At 88, Jerusalemite Samia Halaby continues to work. She draws. She paints. She sculpts. Her hands seem to produce an endless stream of vibrant color, her mind outpouring with the emotion and experience that dance across her blank canvas. The art she produces varies: an amalgamation of colorful shapes that fall into abstraction; sharp geometric lines cutting at different angles; smooth and blurred illustrations mimicking hazy memories; chaotic and loud patterns that fall into order within the landscape they represent. Throughout the decades, this seasoned artist has experimented and mastered myriad art forms, creating thousands of pieces expressing a wide range of human feelings and ideas or depicting places and historical events.

In this photo, we are in Halaby’s studio, located in Tribeca, Manhattan, New York. The walls are white-washed and adorned with posters and other pieces of art. Behind her are shelves carrying her books and tapes. Her canvases and works in progress are stacked on the left and another table holds her current project. At the foreground is one of Halaby’s abstract paintings.

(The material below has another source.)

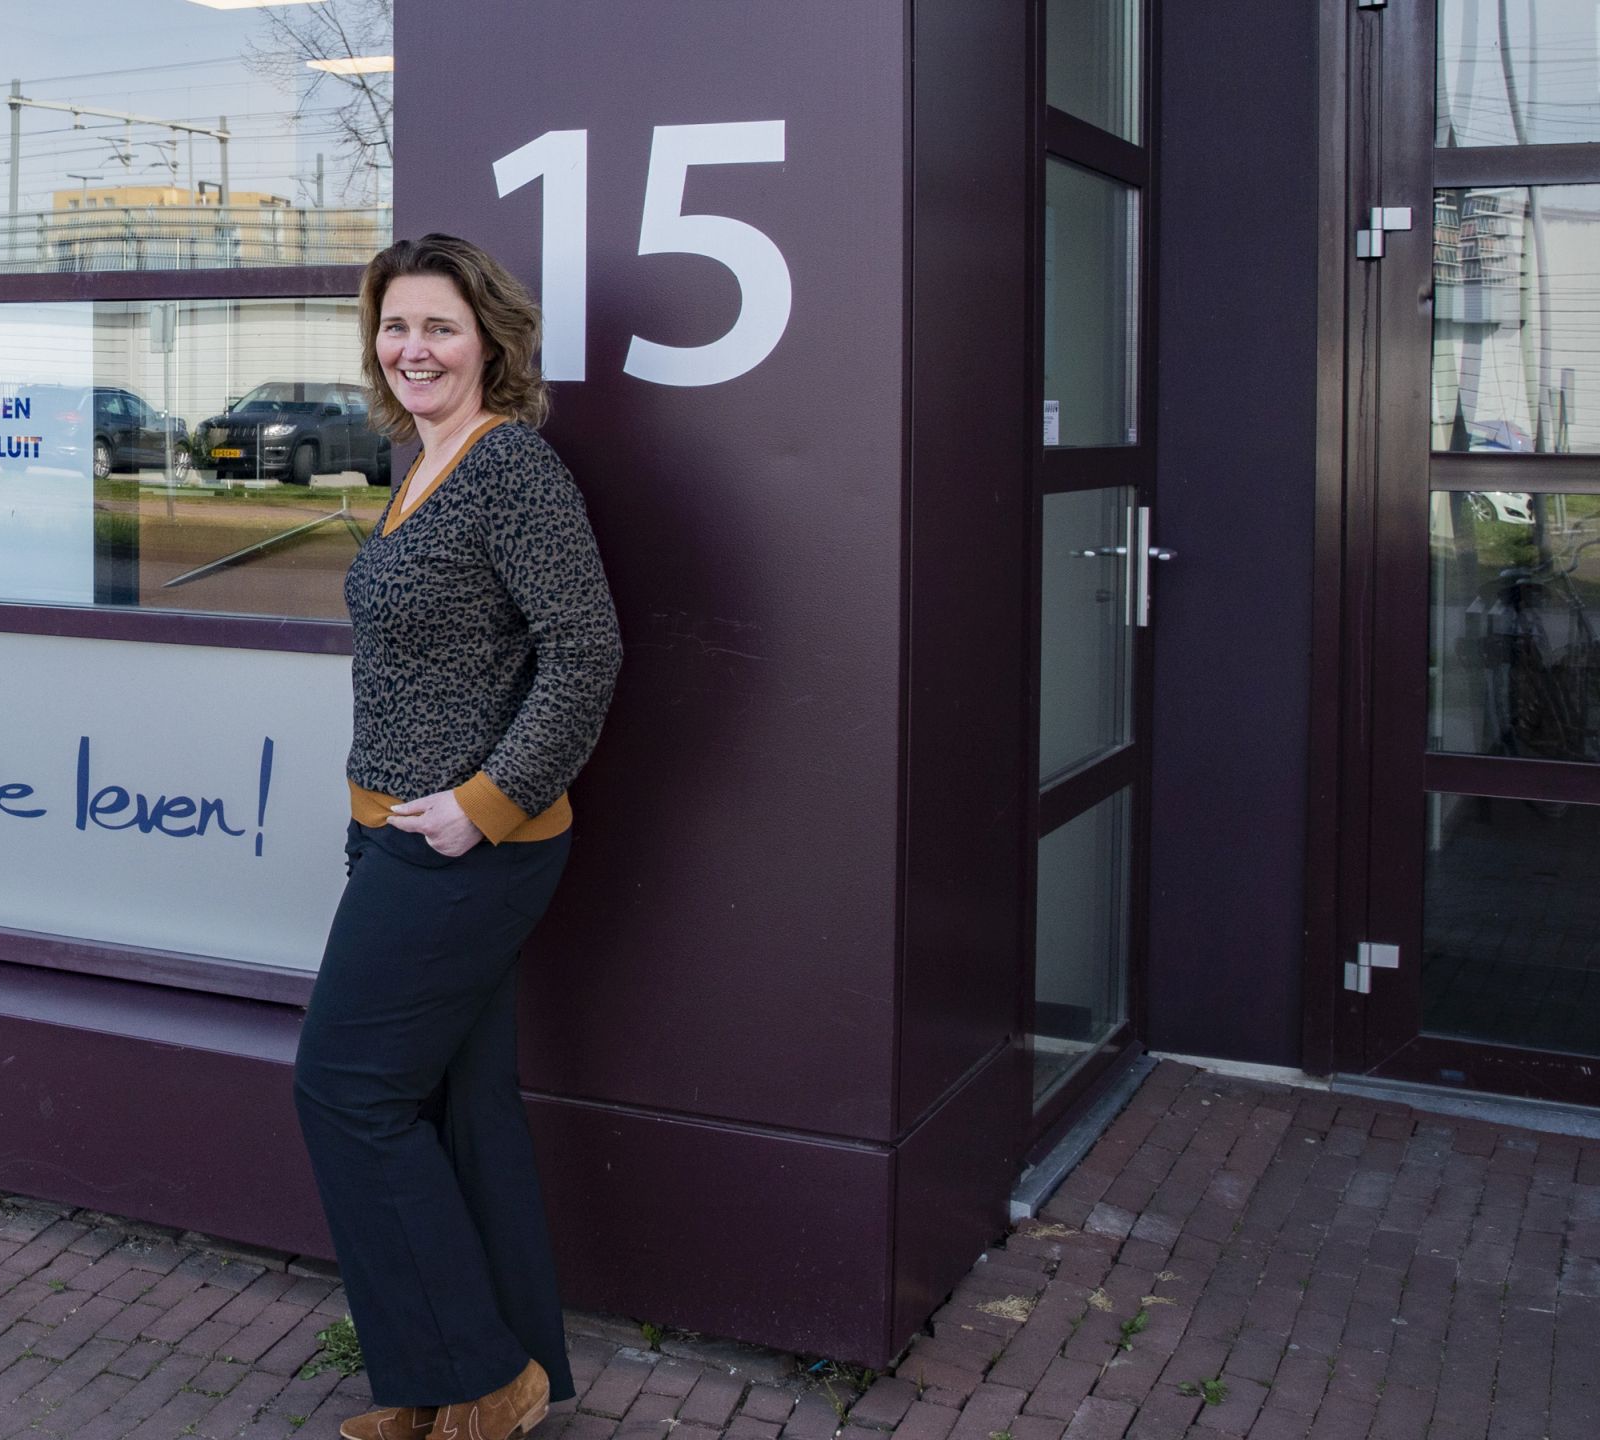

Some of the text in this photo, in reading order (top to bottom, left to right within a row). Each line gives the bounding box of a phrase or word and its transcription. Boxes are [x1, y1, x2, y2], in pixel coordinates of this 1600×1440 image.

[492, 119, 792, 387] 15
[2, 397, 31, 419] EN
[75, 736, 274, 857] leven!

Halaby sits at the center of all this.

Halaby moved to the United States in the 1950s, but has resided in this present studio since the 1970s. In some other life—Halaby was its third occupant—it served as a welding shop, before the artist converted the garage-like room into her creative space. The natural light that enters the studio is only rivaled by the radiance of her paintings.

Halaby continues to work, creating part art and part history.